Associate Professor and Chair of Anthropology Siobhan M. Hart and Maisie Bernstein ’21 completed object-based research on Native arts from the Tang collection in order to verify or correct cataloging data and identify works that are subject to NAGPRA regulations.
Siobhan Hart
Associate Professor and Chair of Anthropology
Skidmore College
In 1990, a decade before the Tang Teaching Museum opened its doors, the US Congress passed a law that fundamentally transformed the relationships among Native Americans, museums, and archaeologists. The Native American Graves Protection and Repatriation Act (NAGPRA) establishes a process for museums to repatriate Native American human remains and certain kinds of objects to the most closely culturally affiliated Native American tribe(s) or Hawaiian organizations. NAGPRA was heralded as human rights legislation for its advancement of intercultural reparations and cultural property law.
Museums and Native American communities have been grappling with implementation since 1990. Native American elders, spiritual leaders, and representatives have been traveling to museums to share and gather knowledge about collections, sometimes hundreds or thousands of miles away. They are reviewing and responding to information provided by museums and sometimes contesting a museum’s determination of cultural affiliation. And they are doing the difficult work of preparing for the return of ancestors, sacred objects, and cultural patrimony, all while confronting the insidious consequences of colonialism that necessitated the law in the first place.
Museum professionals in all kinds of settings—art museums, culture and history museums, historical societies, libraries, universities—have been verifying and updating catalogs and inventories, researching objects sometimes acquired a century or more ago, and consulting with Native American tribes. My first job post-college was as a curatorial assistant at Harvard’s Peabody Museum of Archaeology and Ethnology working on a NAGPRA inventory, and I continued repatriation work for eight years in graduate school. As an archaeologist trained in the post-NAGPRA era, I have experienced the difficult, slow, and labor-intensive work of repatriation. It is transformative for individuals and communities and absolutely necessary for institutions with commitments to inclusion and decolonizing.
In summer 2019, Maisie Bernstein ’21 and I worked with over a hundred artworks from the Tang collection made by Native American artists. We focused on improving the catalog through object-based research, identifying whether any objects are subject to NAGPRA, and beginning the process of identifying source communities. We essentially constructed a biography of each object drawn from archives, scholarship, the object’s attributes, and similar objects in other museums—teasing out who made it, how and when it was made, who it belonged to and who possessed it over time, how it ended up in the Tang collection, and who the museum might engage for repatriation or collaboration in the future.
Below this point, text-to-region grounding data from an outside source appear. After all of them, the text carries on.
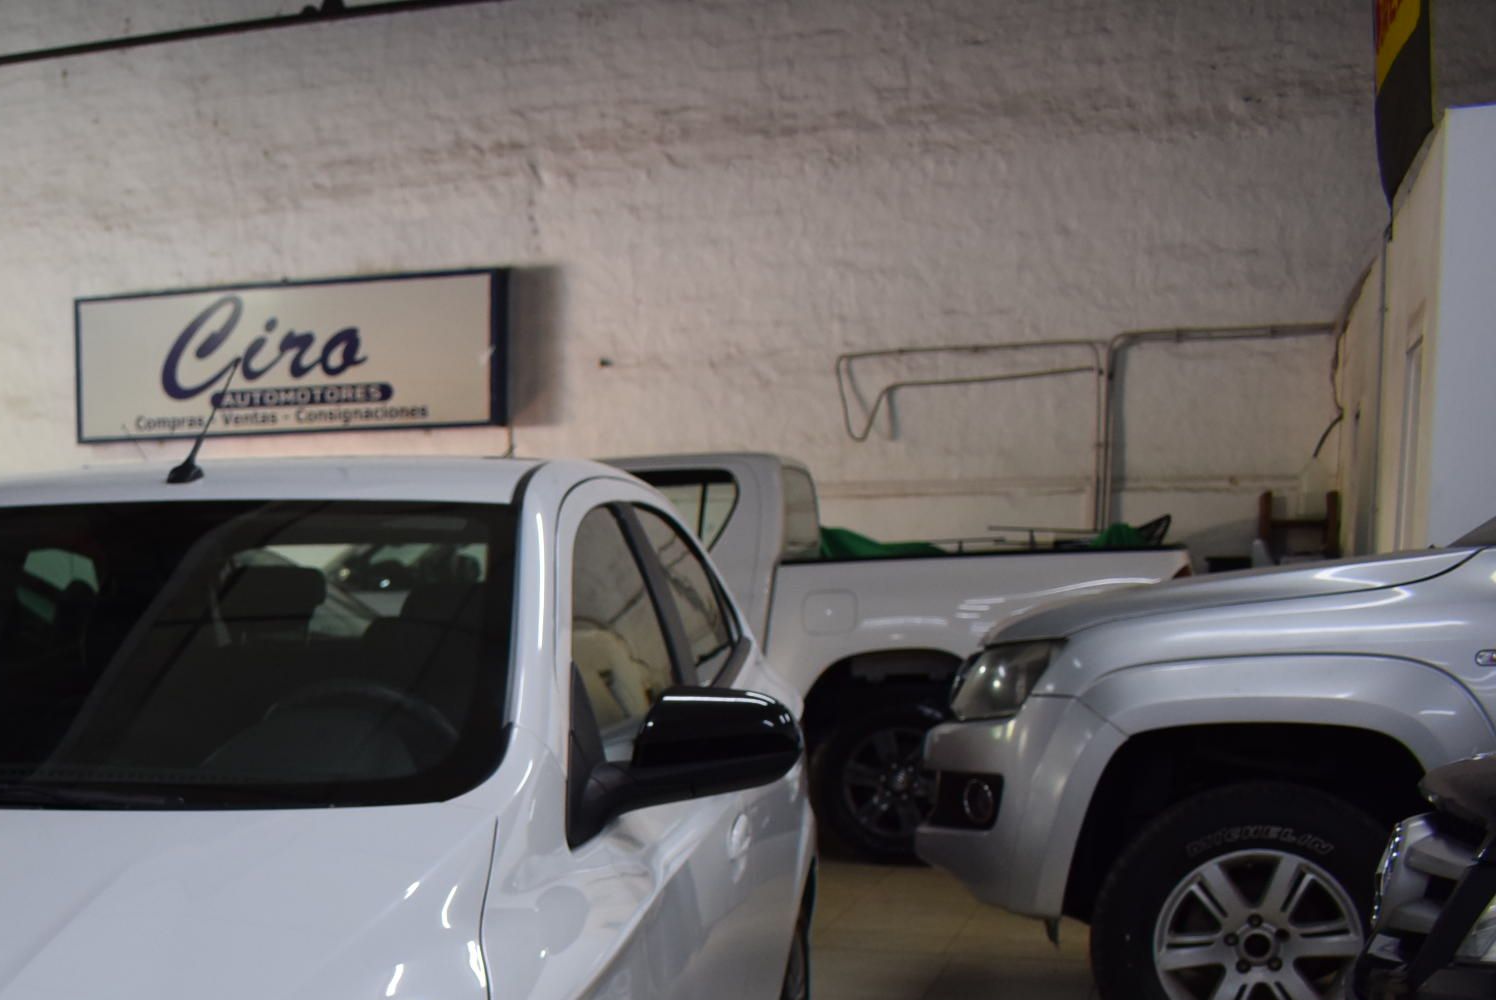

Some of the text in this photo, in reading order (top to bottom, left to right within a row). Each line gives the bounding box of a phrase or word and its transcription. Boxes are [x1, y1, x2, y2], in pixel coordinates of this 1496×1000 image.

[161, 296, 369, 400] Ciro
[221, 384, 382, 407] AUTOMOTORES
[135, 413, 204, 432] Compras
[222, 411, 278, 426] Ventas
[295, 403, 429, 426] Consignaciones
[1184, 824, 1335, 857] MICHELIN
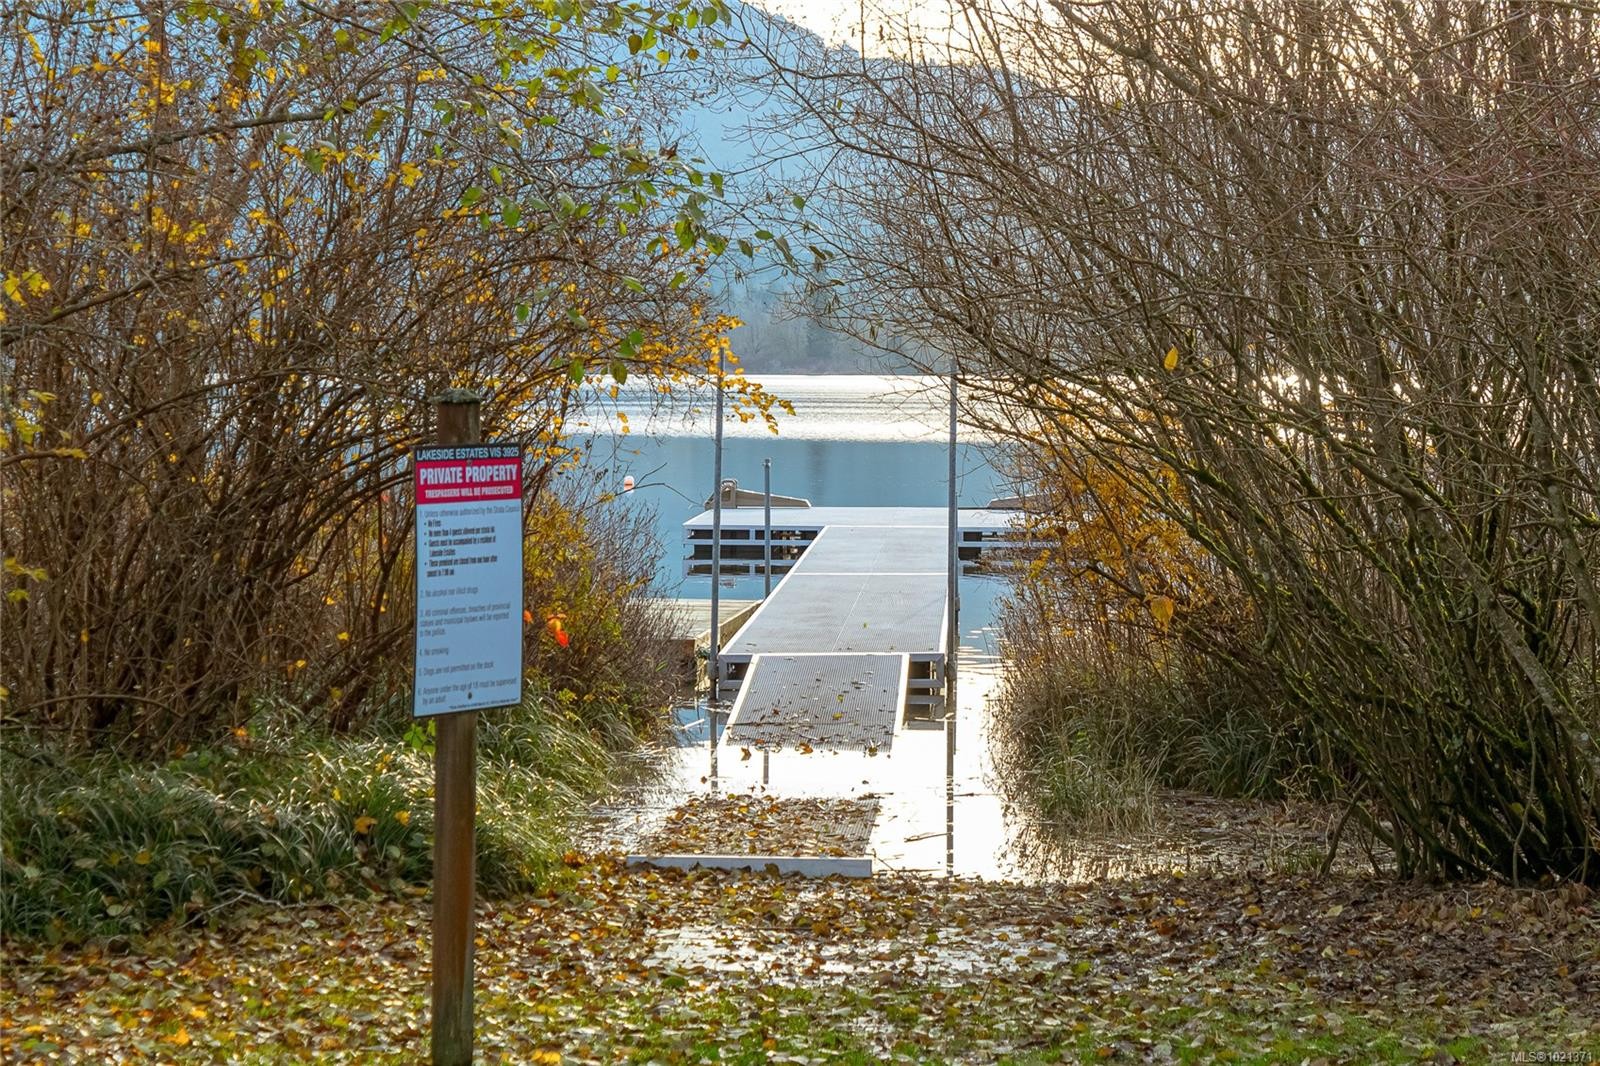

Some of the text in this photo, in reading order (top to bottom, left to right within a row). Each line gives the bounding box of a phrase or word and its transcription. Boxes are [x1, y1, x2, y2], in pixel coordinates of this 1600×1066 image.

[417, 447, 519, 460] LAKESIDE ESTATES VIS 3925
[420, 464, 517, 484] PRIVATE PROPERTY
[425, 488, 459, 498] TRESPASSERS
[482, 486, 513, 494] PROSECUTED
We learned that some artworks, including pottery made by Puebloan artists from the American Southwest, war clubs made by Native artists in the Great Plains, and textiles woven by Diné (Navajo) artists were already in the possession of the Skidmore College Art Collection (which formed the foundation of the Tang collection) when NAGPRA was enacted, having been gifted by Skidmore’s biology department and Professor Emeritus Dr. Sonja Karsen. Later, in 2007, the Schenectady Museum & Suits-Bueche Planetarium gifted thirty-one Native American objects. The Schenectady Museum acquired the mostly basketry, beadwork, and leatherwork between 1930 and 1970 from local and regional collectors and through exchanges with other museums. The growing scrutiny to develop provenance and increased sensitivity around the ethics of collecting antiquities (brought about in part by NAGPRA) led some late twentieth-century collectors to focus on contemporary works produced for the art market. This included collectors like Moreen O’Brien Maser ’26, Susan Rabinowitz Malloy ’45, and Dr. Grace Swanner, who would each make gifts to Skidmore and the Tang.
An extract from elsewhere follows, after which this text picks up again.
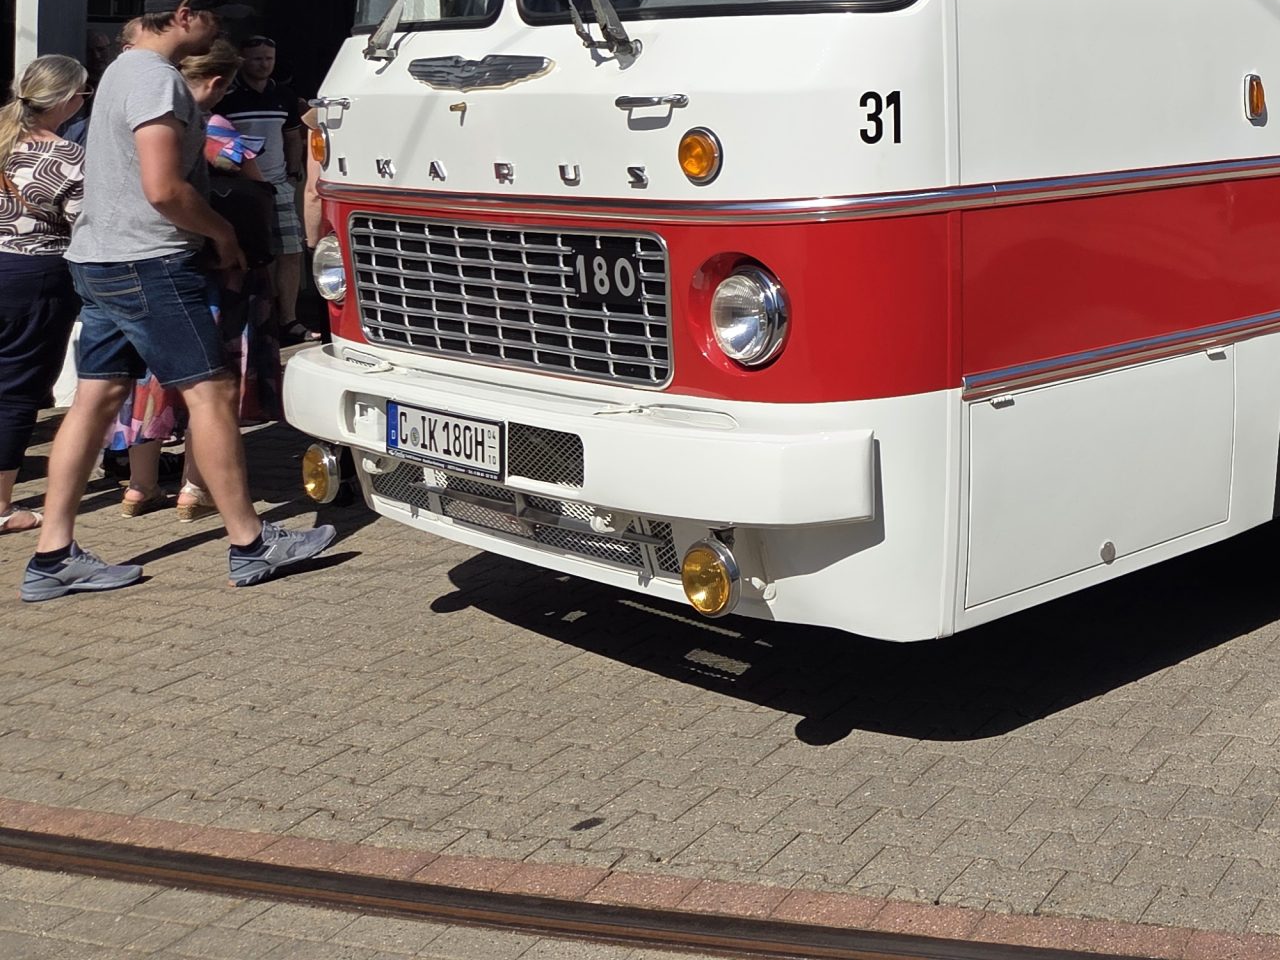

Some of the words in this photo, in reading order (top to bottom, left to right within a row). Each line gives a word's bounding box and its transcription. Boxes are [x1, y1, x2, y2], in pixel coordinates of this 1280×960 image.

Some objects are extensively documented, with appraisals, detailed provenance, and fastidious collector notes. Swanner, a Saratoga Springs physician who collected crosses from around the world, kept an index with notes on how, where, and when she acquired pieces, along with sketches and descriptions. In one instance, she describes purchasing an “Eskimo ivory cross” made by a King Island Inupiaq artist at Kotzebue, Alaska, in 1965. These details flesh out the story of how, when, where, and by whom this object was created and how it came to be possessed by Swanner and later, the Tang. The artist’s name is not recorded and we are left to wonder why, especially when the collector recorded the names of other artists and witnessed its manufacture firsthand.